A criterion-standard study was performed in 15 primary care clinics in the United States from November 2004 through June 2005. Of a total of 2740 adult patients completing a study questionnaire, 965 patients had a telephone interview with a mental health professional within 1 week. For criterion and construct validity, GAD self-report scale diagnoses were compared with independent diagnoses made by mental health professionals; functional status measures; disability days; and health care use.
A 7-item anxiety scale (GAD-7) had good reliability, as well as criterion, construct, factorial, and procedural validity. A cut point was identified that optimized sensitivity (89%) and specificity (82%). Increasing scores on the scale were strongly associated with multiple domains of functional impairment (all 6 Medical Outcomes Study Short-Form General Health Survey scales and disability days).
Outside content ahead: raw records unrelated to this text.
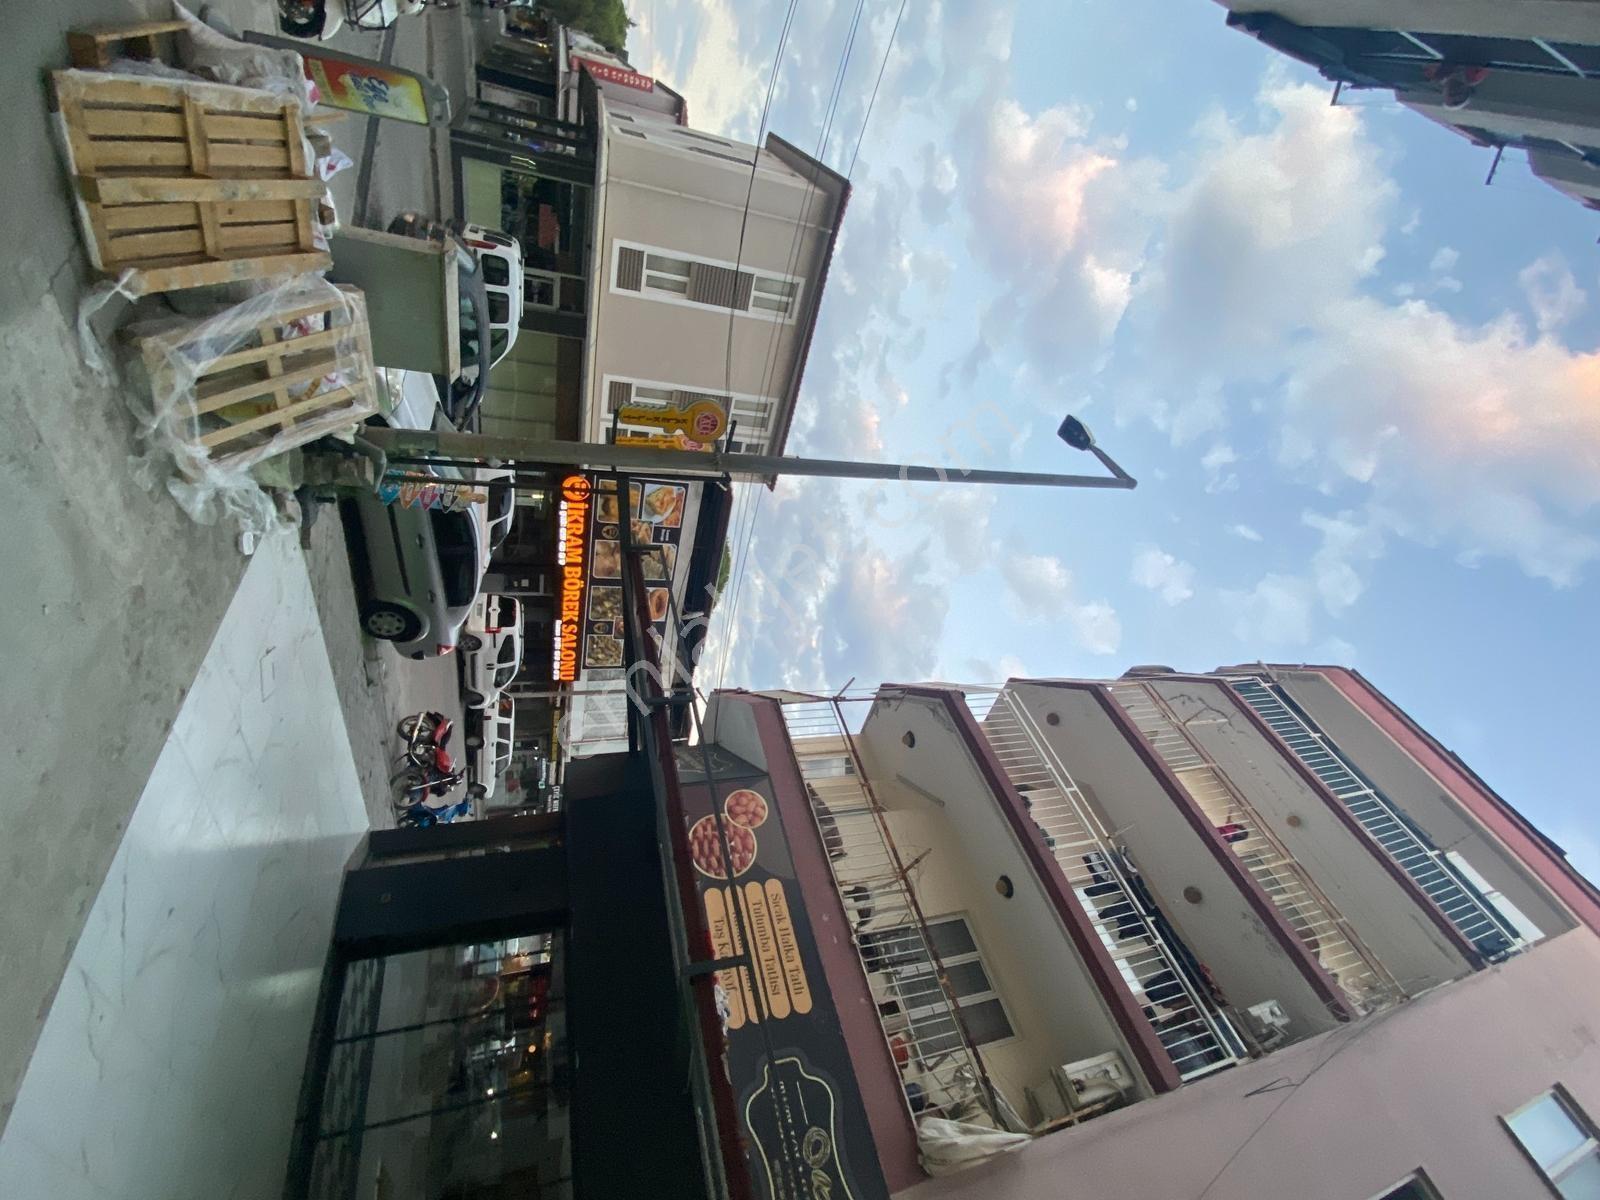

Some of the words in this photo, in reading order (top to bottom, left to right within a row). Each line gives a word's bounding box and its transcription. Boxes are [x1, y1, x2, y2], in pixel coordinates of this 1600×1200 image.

[564, 502, 588, 563] İKRAM
[562, 566, 584, 622] BÖREK
[559, 624, 578, 680] SALONU
[712, 917, 726, 940] Taş
[770, 893, 784, 925] Sıcak
[751, 900, 774, 953] Tulumba
[763, 955, 781, 996] Tatlısı
[776, 928, 796, 963] Halka
[788, 966, 805, 996] Tatlı
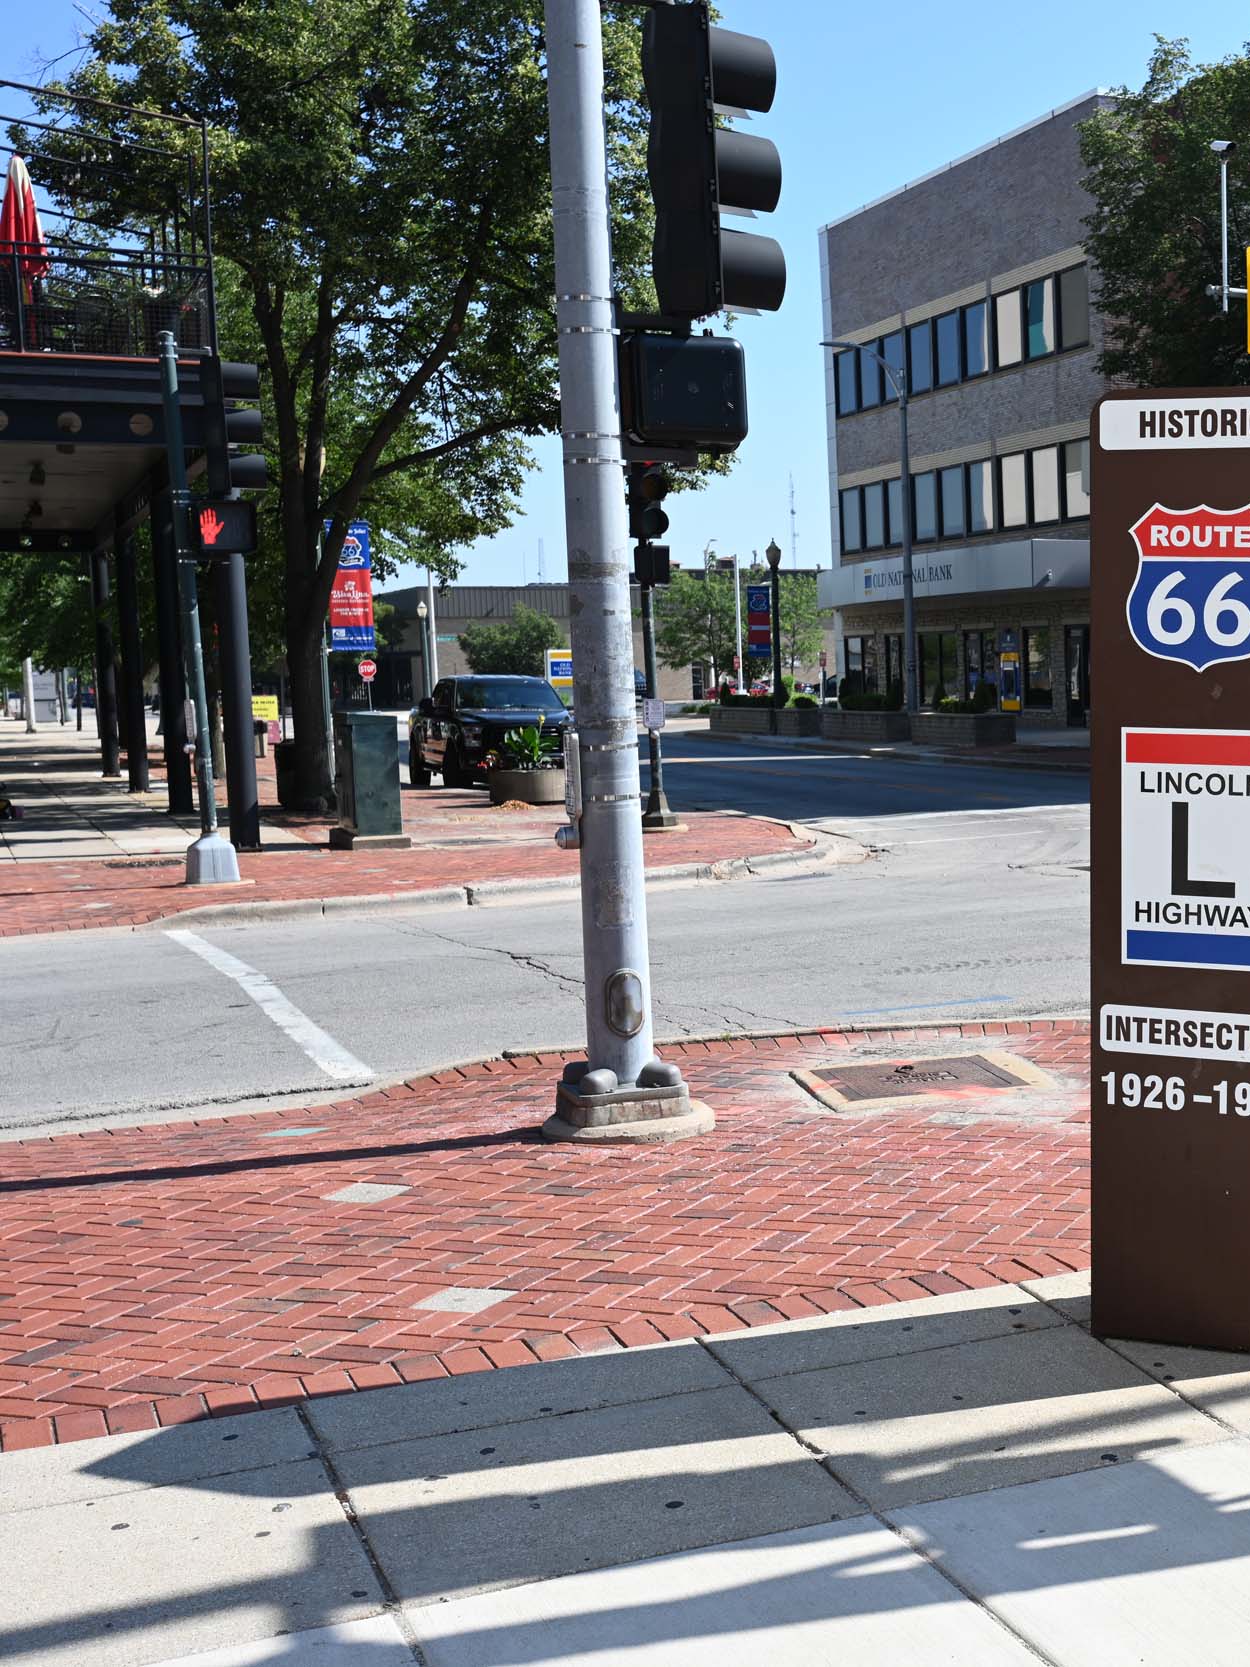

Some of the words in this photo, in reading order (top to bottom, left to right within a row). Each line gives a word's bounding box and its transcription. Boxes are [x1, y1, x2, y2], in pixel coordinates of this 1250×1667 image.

[872, 573, 887, 588] OLD
[929, 564, 953, 582] BANK
[360, 665, 375, 673] STOP
[1171, 801, 1236, 899] L
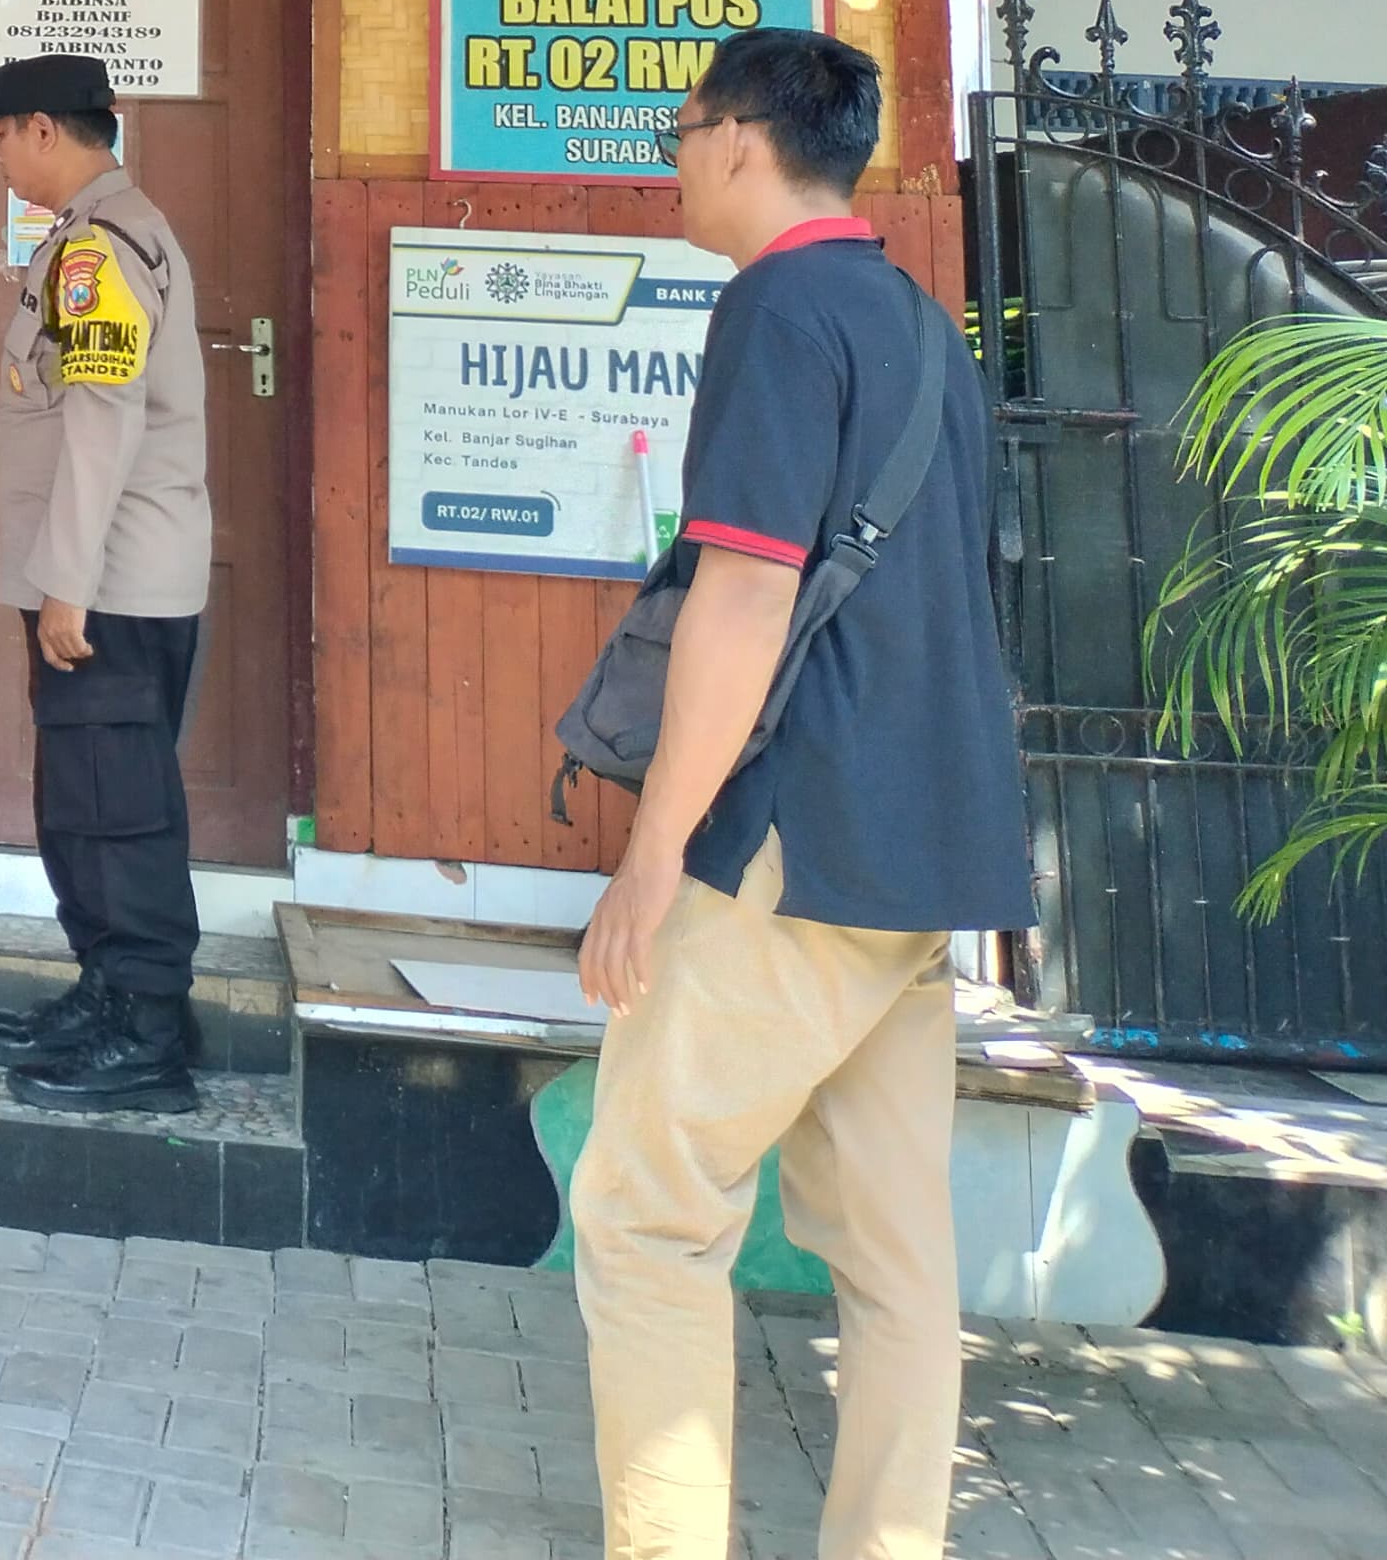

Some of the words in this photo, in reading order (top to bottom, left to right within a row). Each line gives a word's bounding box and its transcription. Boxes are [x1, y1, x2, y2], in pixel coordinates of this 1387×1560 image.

[6, 26, 162, 39] 081232943189
[40, 42, 127, 54] BABINAS
[466, 36, 541, 89] RT.
[548, 36, 619, 90] 02
[494, 104, 547, 128] KEL.
[406, 268, 438, 282] PLN
[406, 279, 470, 301] Peduli
[535, 279, 560, 289] Bina
[564, 280, 603, 291] Bhakti
[534, 288, 609, 301] Lingkungan
[656, 288, 705, 302] BANK
[460, 342, 589, 399] HIJAU
[423, 403, 497, 418] Manukan
[502, 407, 529, 419] Lor
[591, 411, 669, 428] Surabaya
[462, 432, 509, 447] Banjar
[515, 435, 577, 450] Sugihan
[462, 455, 518, 469] Tandes
[491, 507, 540, 524] RW.01
Although GAD and depression symptoms frequently co-occurred, factor analysis confirmed them as distinct dimensions. Moreover, GAD and depression symptoms had differing but independent effects on functional impairment and disability. There was good agreement between self-report and interviewer-administered versions of the scale.
The GAD-7 is a valid and efficient tool for screening for GAD and assessing its severity in clinical practice and research.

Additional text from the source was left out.